Review of Two Star General by Grey Held

In the best of circumstances the relationship between father and son tends towards complexity. Even a game of catch, the American emblem of that relationship, often devolves into rebellion when the boy tests his new found adolescent freedom against fatherly restraints and concerns. Now add to this paradigm a father who doubles as a military man, a leader who gives orders and expects immediate obedience. And finally add to this mix the rank of general; the father and leader now becomes a strategist who often must, and certainly should, sacrifice individual compassion for long term outcomes. Now we have an interesting and combustible consociation of dependency and paternal kinship.

In Two Star General Grey Held’s persona confronts his father and commanding general at odd angles and with the sensitivity and transcendence of a new-found understanding of human decency. The poem Under his Command gets right to the point,



We go to the Commissary

Drug Store so he can buy me

aviator sunglasses, though

what I want is the Elvis Presley kind,

but he says, not

for a two star general’s son!

He takes me to Uncle Sam’s Barbecue,

which I’ve never liked,

so he can get his favorite ribs.



In the same poem he puts his fathers’ self-absorption in its proper military context. He relates a very telling story how his dad



...once drank scotch with McArthur

and told him, I know you and I will get along just fine.

He just took it when McArthur answered,

if there’s any getting along to do, Sir,

you’d better be the one to do it.



If your well-respected superiors have a way of making you feel small, it is only natural that those under your command, including a son, will get at least a taste of similar treatment.

The poet divides his book into two sections. The first sees life through a general’s eyes. In the second section the son of the general becomes the poet’s persona.

In the poem Fort Benning , Georgia  1942 the callous but sensible general describes his technique of training raw recruits how to kill using a bayonet.

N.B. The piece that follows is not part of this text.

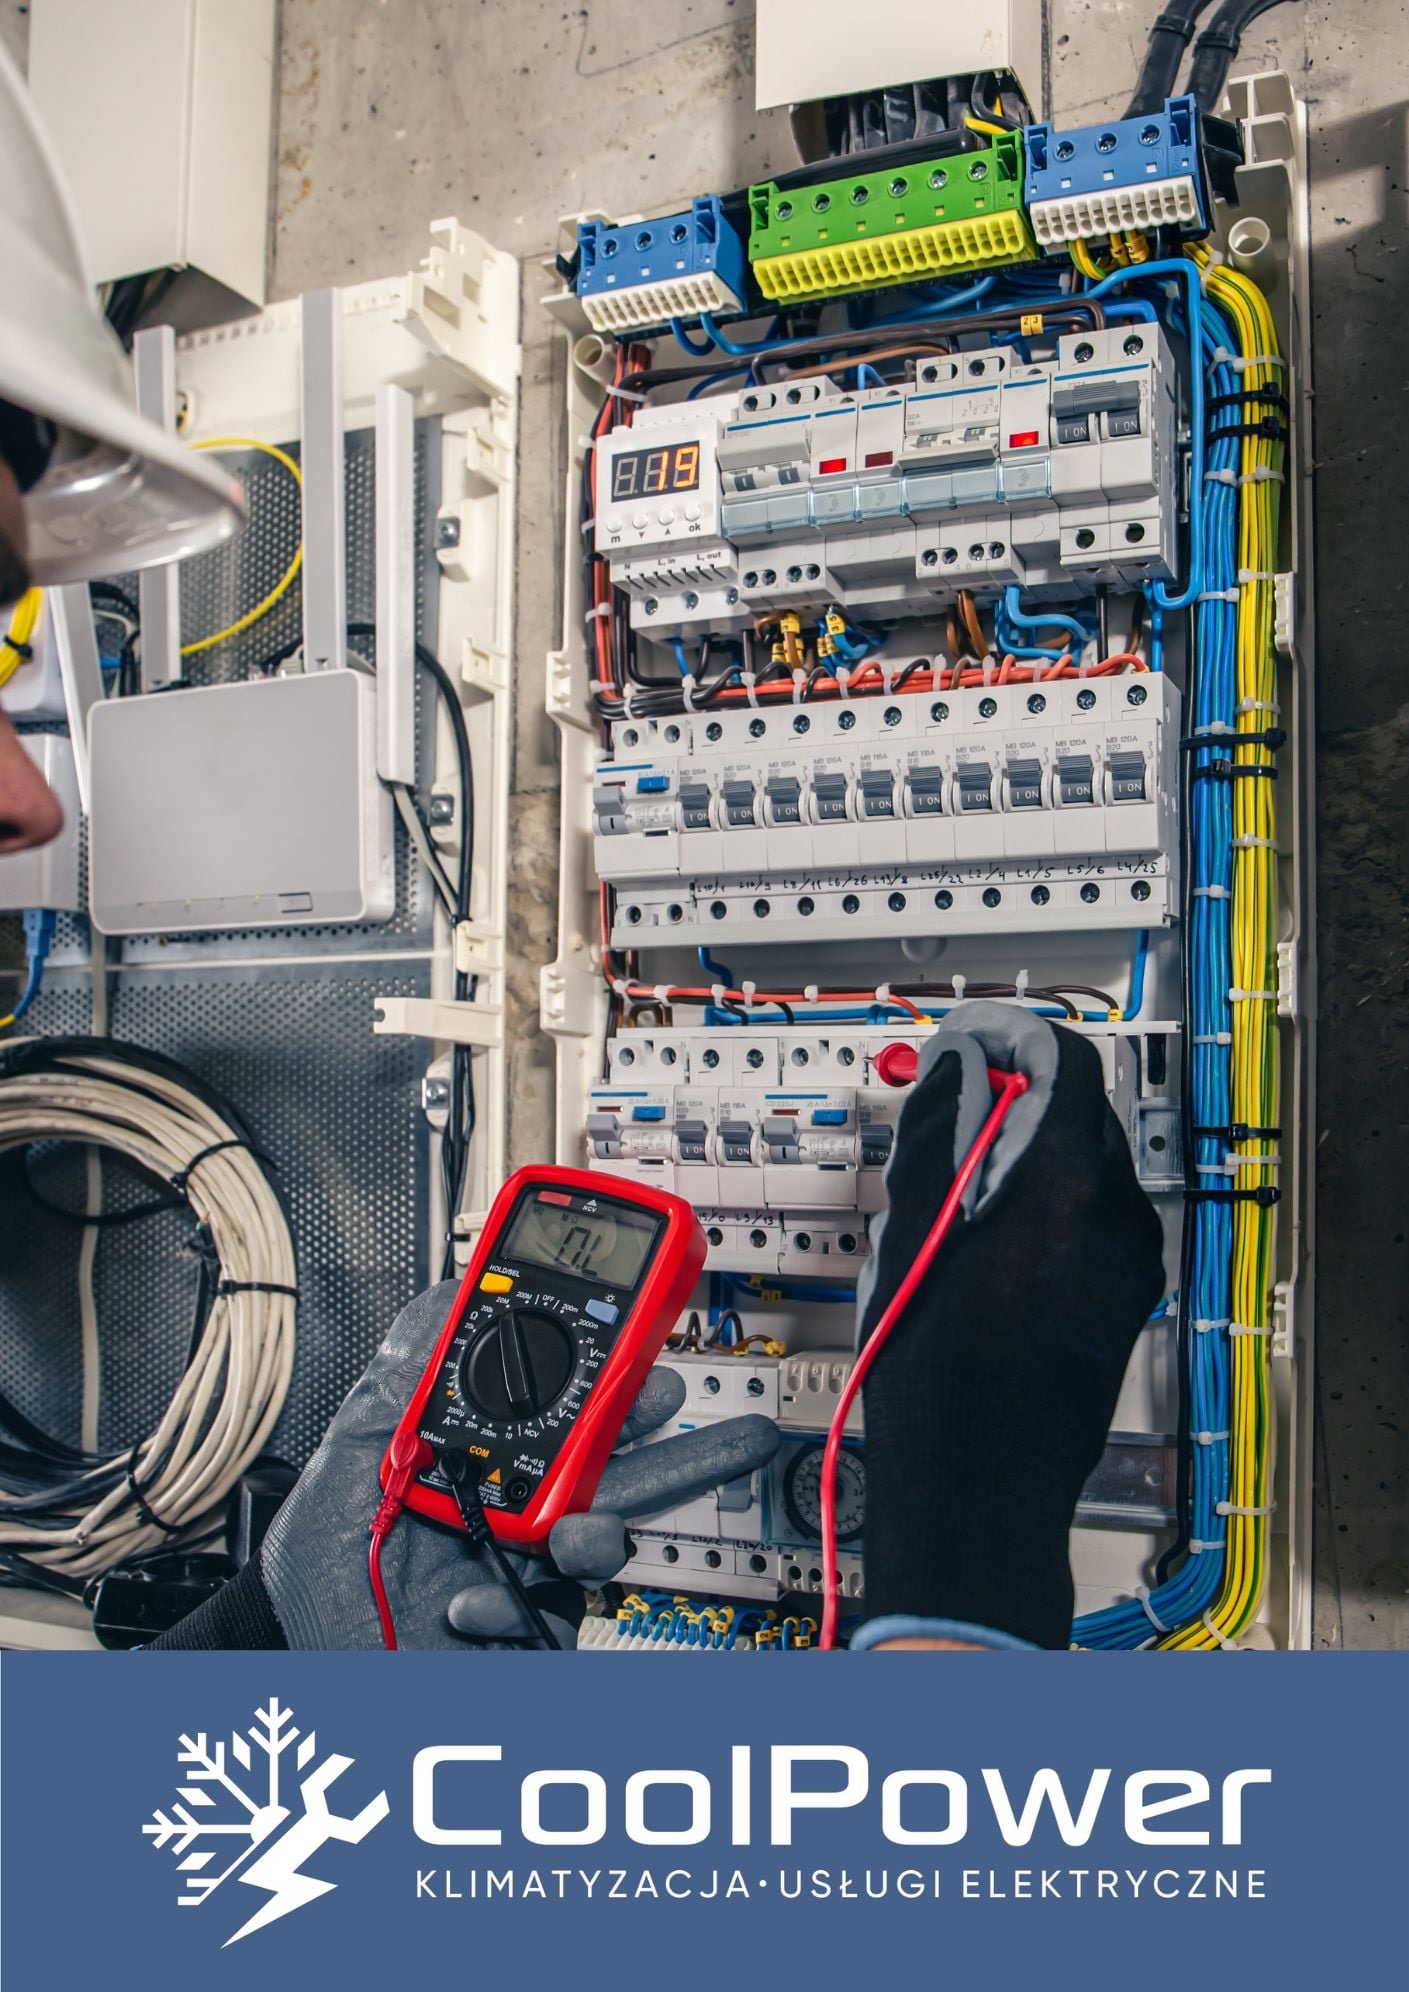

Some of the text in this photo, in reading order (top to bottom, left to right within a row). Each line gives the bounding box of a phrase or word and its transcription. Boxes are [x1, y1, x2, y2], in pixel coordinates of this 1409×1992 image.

He says,



… I make them practice

sticking their weapons between the vivid

ribs of Savannah’s put-down

dogs I have them hang by rope

from branches of the drill field’s oaks.

I want them to feel resistance and retraction,

to witness the propulsion of sudden

blood—so much the better…



This hardened man knows how to save lives and in his own way—once you get by the stabbing of the dog’s bodies—cares profoundly and imaginatively for the humanity of his charges.

To be hard is one thing but to be totally aware of it is quite another. Awareness after all leads to consideration of feelings and all around sappiness.  The general explains in a poem entitled Sleepless,



On the army cot, I kiss the palm

of my own hand, wishing it were

my sweetheart. I miss the way

her instinctive fingers could amaze

her Steinway, one note rising, one note

kneeling. I have been 2 years 5 months

gone…



Back to the father and son relationship. Being a tough-ass dad is bad enough, but being an absentee dad easily trumps other short comings. And absentee-ness very often begins in the beginning.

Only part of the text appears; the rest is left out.